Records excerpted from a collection
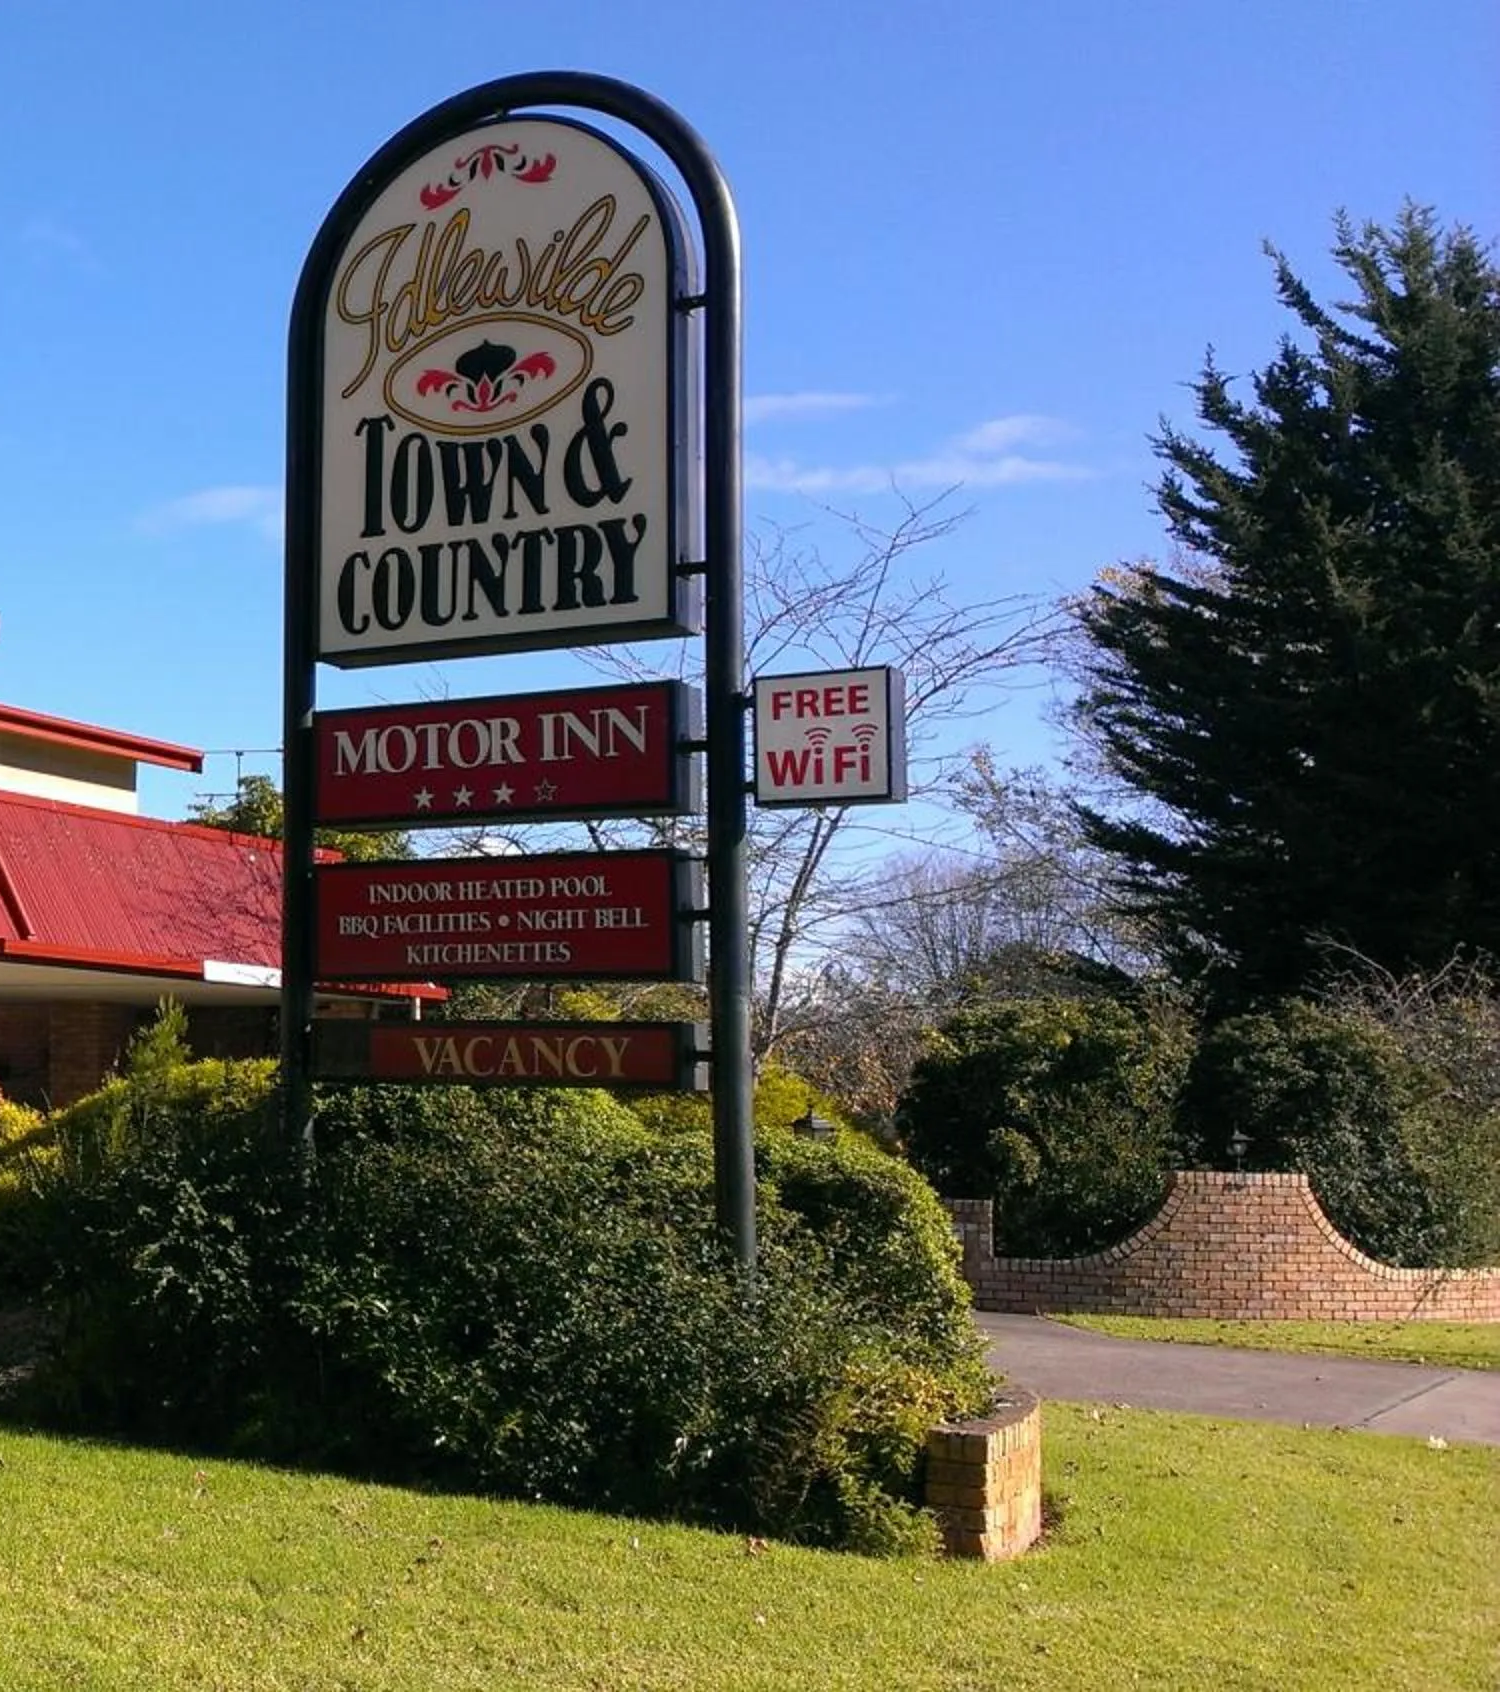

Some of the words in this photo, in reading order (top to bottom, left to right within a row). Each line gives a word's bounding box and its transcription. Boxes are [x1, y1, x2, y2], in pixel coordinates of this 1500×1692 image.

[337, 194, 651, 398] Idlewilde
[354, 414, 549, 538] TOWN
[563, 377, 633, 508] &
[337, 513, 647, 636] COUNTRY
[772, 684, 870, 720] FREE
[333, 717, 525, 777] MOTOR
[540, 705, 649, 761] INN
[368, 881, 453, 905] INDOOR
[459, 878, 545, 900] HEATED
[550, 875, 612, 898] POOL
[339, 915, 380, 938] BBQ
[383, 911, 491, 934] FACILITIES
[517, 909, 589, 931] NIGHT
[595, 907, 649, 928] BELL
[406, 942, 571, 965] KITCHENETTES
[414, 1037, 632, 1076] VACANCY

> _Problem statement_:
The entries above should be retyped word for word, with all pictures omitted.

> _Exercise response_:
Some of the words in this photo, in reading order (top to bottom, left to right within a row). Each line gives a word's bounding box and its transcription. Boxes are [x1, y1, x2, y2], in pixel coordinates of this 1500×1692 image.

[337, 194, 651, 398] Idlewilde
[354, 414, 549, 538] TOWN
[563, 377, 633, 508] &
[337, 513, 647, 636] COUNTRY
[772, 684, 870, 720] FREE
[333, 717, 525, 777] MOTOR
[540, 705, 649, 761] INN
[368, 881, 453, 905] INDOOR
[459, 878, 545, 900] HEATED
[550, 875, 612, 898] POOL
[339, 915, 380, 938] BBQ
[383, 911, 491, 934] FACILITIES
[517, 909, 589, 931] NIGHT
[595, 907, 649, 928] BELL
[406, 942, 571, 965] KITCHENETTES
[414, 1037, 632, 1076] VACANCY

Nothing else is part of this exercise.